Pearson T A
Department of Medicine, Johns Hopkins Medical Institutions, Baltimore, Maryland.
Am J Cardiol. 1987 Dec 28;60(18):74J-79J. doi: 10.1016/0002-9149(87)90687-4.
The prevention of ischemic heart disease requires intervention on the natural history of coronary artery disease (CAD). Because a variety of so-called risk factors influence that natural history, it is logical to consider modification of these risk factors as a way to prevent CAD. Although this approach is effective in both the primary and secondary prevention of CAD, this presentation will focus on behavioral intervention on multiple risk factors in the secondary prevention of CAD (i.e., after the initial cardiac event). A number of studies have suggested that lifestyle modification plays an important role in preventing CAD recurrence or death. Risk factors that require this modification of human behavior include: low-density lipoprotein cholesterol, high-density lipoprotein cholesterol, cigarette smoking, obesity, hypertension, physical activity and, although controversial, coronary prone personality. The assessment of these multiple factors can be performed in most acute care settings. The intervention on the factors requires a structured approach to the patient, taking advantage of the heightened awareness and concern at the time of a cardiac event.
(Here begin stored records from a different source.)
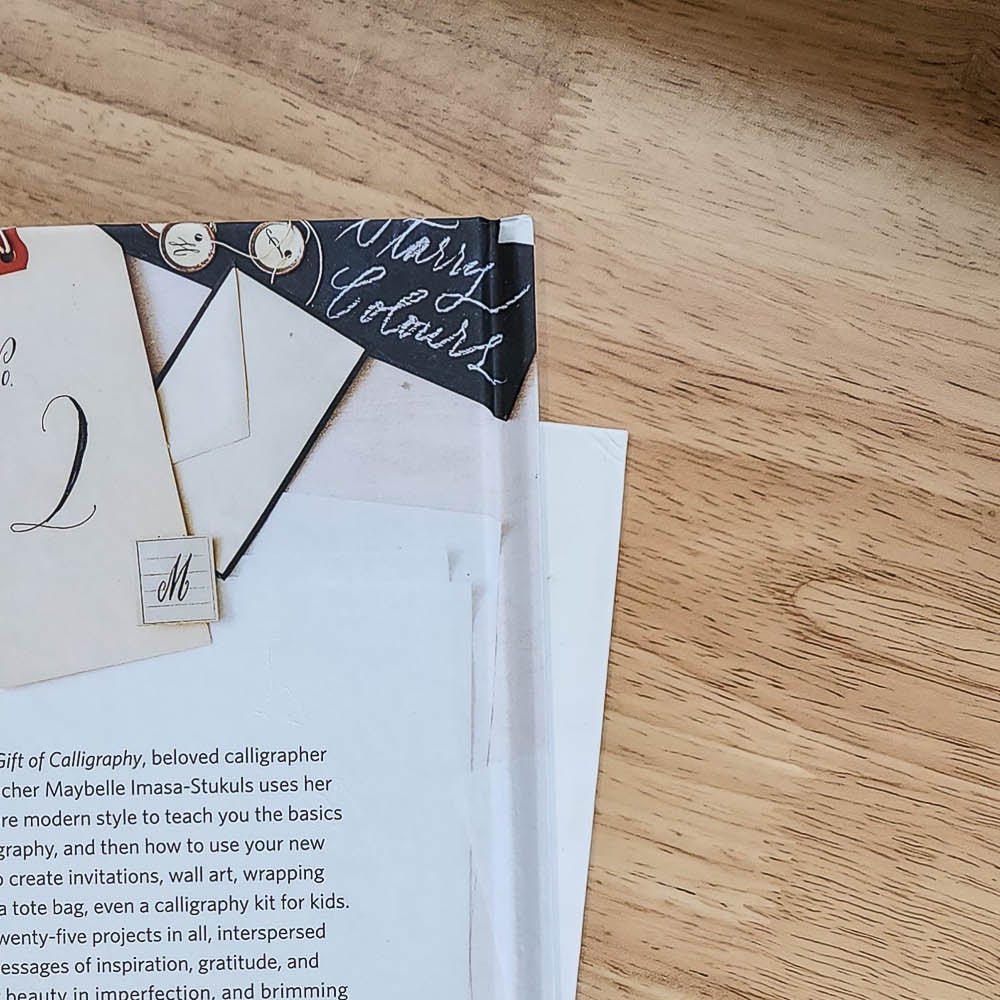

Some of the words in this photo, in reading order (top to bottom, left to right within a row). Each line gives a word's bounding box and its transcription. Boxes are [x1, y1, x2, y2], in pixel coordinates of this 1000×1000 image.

[10, 394, 96, 533] 2
[28, 751, 46, 772] of
[49, 749, 146, 771] Calligraphy,
[151, 747, 219, 766] beloved
[224, 745, 328, 767] calligrapher
[45, 779, 126, 801] Maybelle
[131, 776, 254, 796] Imasa-Stukuls
[259, 779, 299, 793] uses
[303, 774, 333, 792] her
[23, 809, 91, 828] modern
[96, 808, 138, 830] style
[141, 809, 160, 825] to
[164, 806, 213, 825] teach
[217, 810, 250, 827] you
[254, 805, 283, 823] the
[288, 804, 343, 822] basics
[63, 838, 96, 857] and
[99, 838, 140, 856] then
[144, 837, 182, 855] how
[186, 837, 205, 854] to
[209, 840, 240, 853] use
[244, 839, 284, 856] your
[289, 838, 326, 852] new
[9, 870, 64, 887] create
[68, 867, 164, 887] invitations,
[168, 865, 204, 884] wall
[208, 866, 238, 885] art,
[242, 864, 325, 885] wrapping
[11, 900, 48, 916] tote
[52, 898, 89, 919] bag,
[93, 901, 135, 915] even
[139, 901, 150, 914] a
[154, 894, 250, 916] calligraphy
[254, 893, 276, 911] kit
[280, 893, 305, 911] for
[310, 891, 350, 910] kids.
[92, 927, 162, 948] projects
[167, 926, 183, 943] in
[187, 924, 212, 944] all,
[217, 921, 326, 944] interspersed
[74, 956, 92, 974] of
[96, 955, 193, 977] inspiration,
[197, 952, 282, 975] gratitude,
[287, 951, 319, 970] and
[221, 982, 255, 1000] and
Often, several behaviors require modification simultaneously and other disciplines (behavioral medicine, nutrition, exercise physiology) are often useful when integrated into a single treatment plan. Involvement of the patient's social support network is essential. The effectiveness of the modification of each risk factor is assessed, as a means of recognizing behavior change as a way to prevent recurrence of the disease.
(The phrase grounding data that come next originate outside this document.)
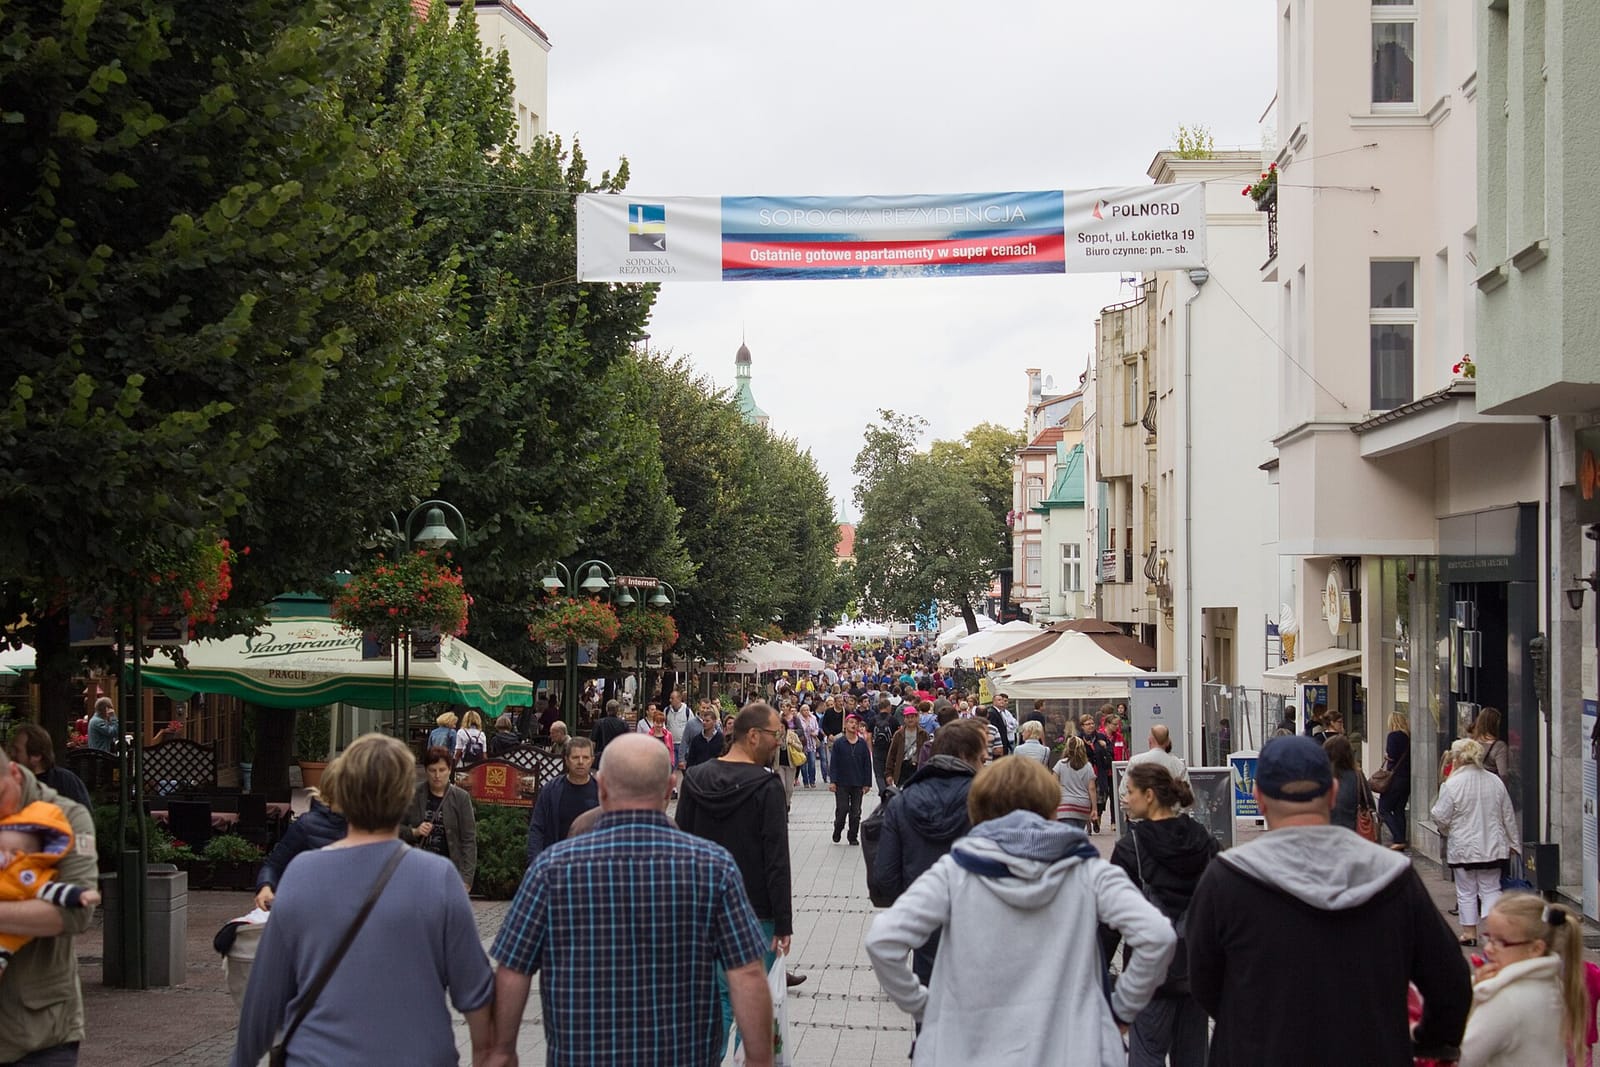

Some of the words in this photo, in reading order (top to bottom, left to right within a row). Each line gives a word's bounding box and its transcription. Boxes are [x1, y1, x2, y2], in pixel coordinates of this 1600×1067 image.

[760, 208, 873, 226] SOPOCKA
[882, 204, 1026, 225] REZYDENCJA
[1112, 203, 1180, 217] POLNORD
[1078, 232, 1112, 244] Sopot,
[1115, 231, 1129, 242] ul.
[1131, 230, 1178, 241] Łokietka
[1182, 229, 1195, 240] 19
[750, 249, 802, 261] Ostatnie
[805, 249, 852, 263] gotowe
[855, 247, 936, 262] apartamenty
[938, 248, 949, 258] w
[952, 246, 988, 260] super
[991, 242, 1036, 257] cenach
[1085, 247, 1110, 256] Biuro
[1112, 247, 1148, 257] czynne:
[1150, 247, 1164, 256] pn.
[1174, 245, 1188, 254] sb.
[625, 258, 670, 266] SOPOCKA
[628, 578, 656, 587] Internet
[239, 632, 362, 655] Staropramen
[268, 669, 307, 680] PRAGUE
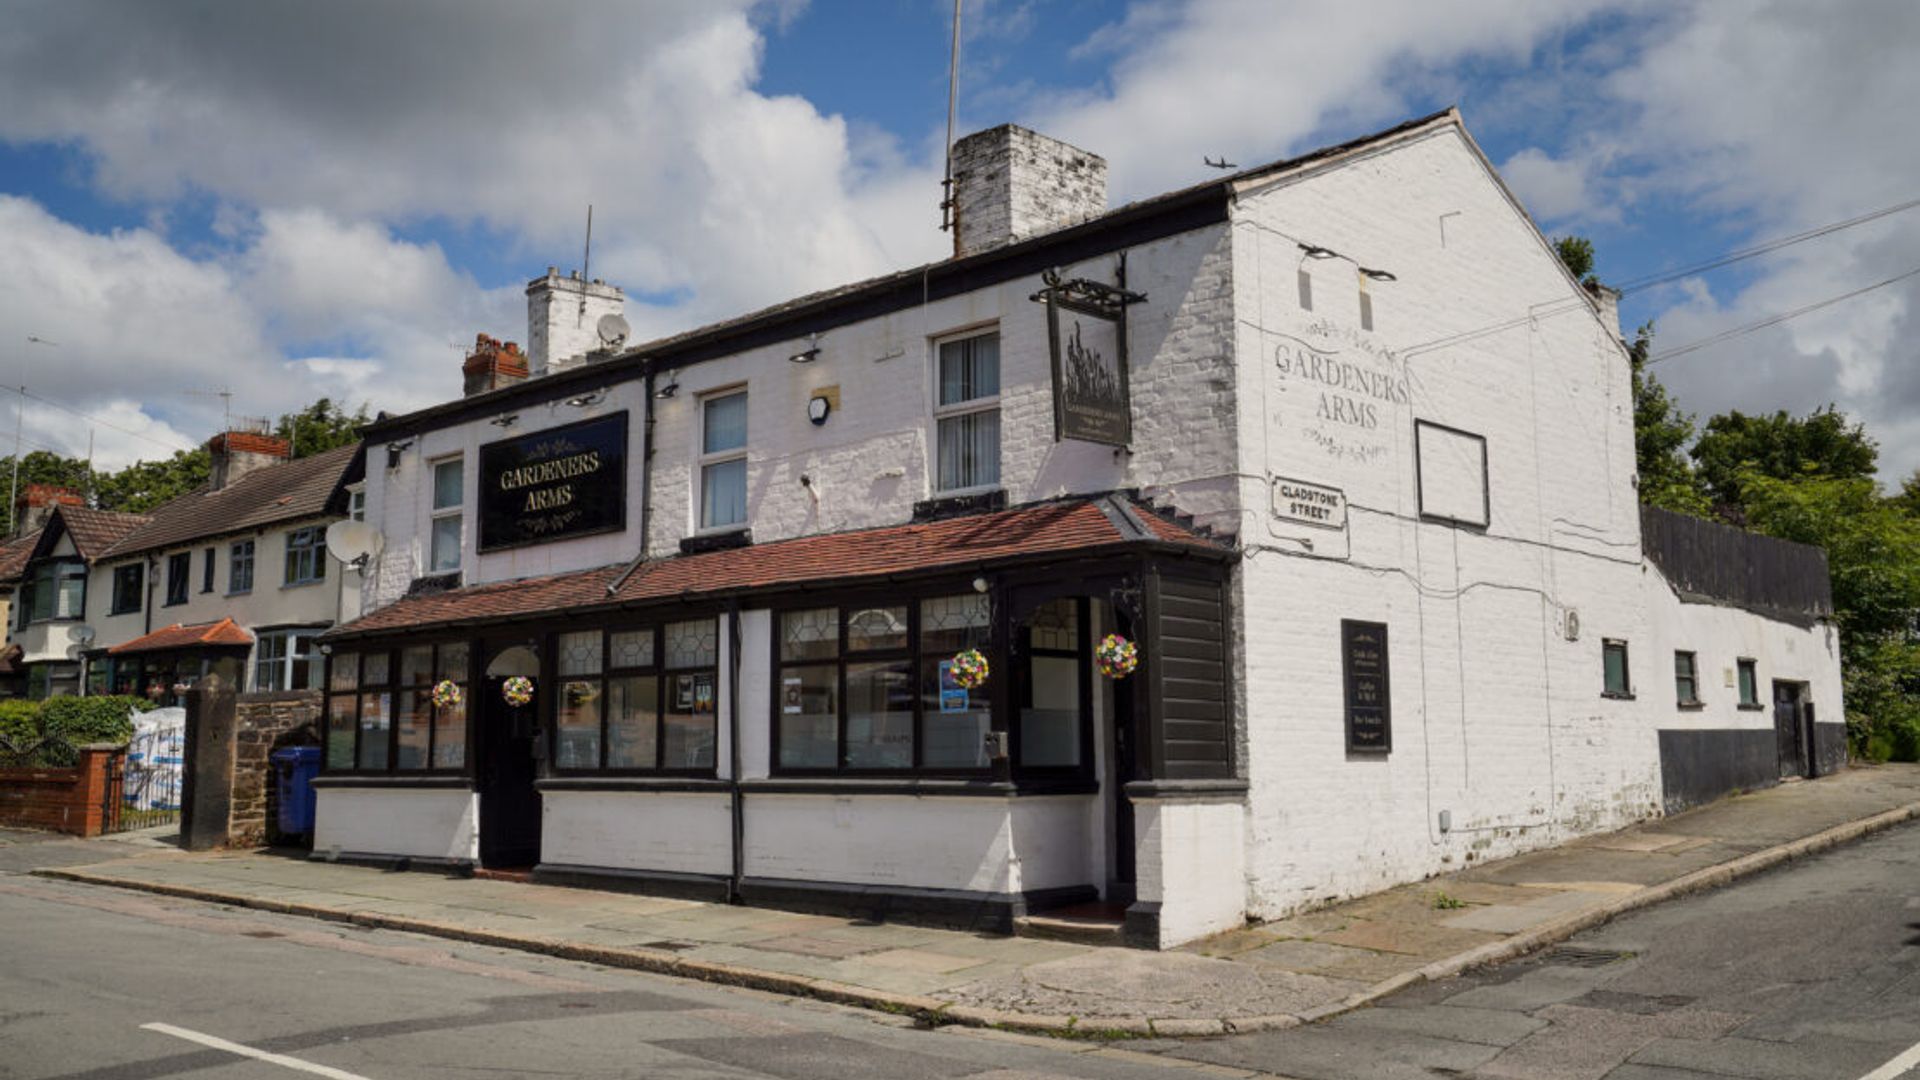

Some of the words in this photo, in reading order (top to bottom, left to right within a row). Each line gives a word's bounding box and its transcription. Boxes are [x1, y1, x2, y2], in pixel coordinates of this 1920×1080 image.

[1275, 345, 1408, 404] GARDENERS
[1316, 393, 1377, 429] ARMS
[501, 452, 599, 490] GARDENERS
[525, 485, 572, 511] ARMS
[1281, 485, 1338, 507] GLADSTONE
[1291, 503, 1330, 519] STREET
缺血性心脏病的预防需要对冠状动脉疾病(CAD)的自然病程进行干预。由于多种所谓的危险因素会影响其自然病程,因此将这些危险因素的改变作为预防CAD的一种方法是合乎逻辑的。尽管这种方法在CAD的一级预防和二级预防中均有效,但本报告将重点关注CAD二级预防(即初次心脏事件后)中针对多种危险因素的行为干预。多项研究表明,生活方式的改变在预防CAD复发或死亡方面起着重要作用。需要改变人类行为的危险因素包括:低密度脂蛋白胆固醇、高密度脂蛋白胆固醇、吸烟、肥胖、高血压、身体活动,以及虽然存在争议但有患冠心病倾向的人格。在大多数急性护理环境中都可以对这些多种因素进行评估。对这些因素的干预需要针对患者采取结构化方法,利用心脏事件发生时提高的意识和关注度。通常,几种行为需要同时改变,并且当整合到单一治疗计划中时,其他学科(行为医学、营养学、运动生理学)通常会很有帮助。患者社会支持网络的参与至关重要。评估每种危险因素改变的有效性,作为将行为改变视为预防疾病复发的一种方式。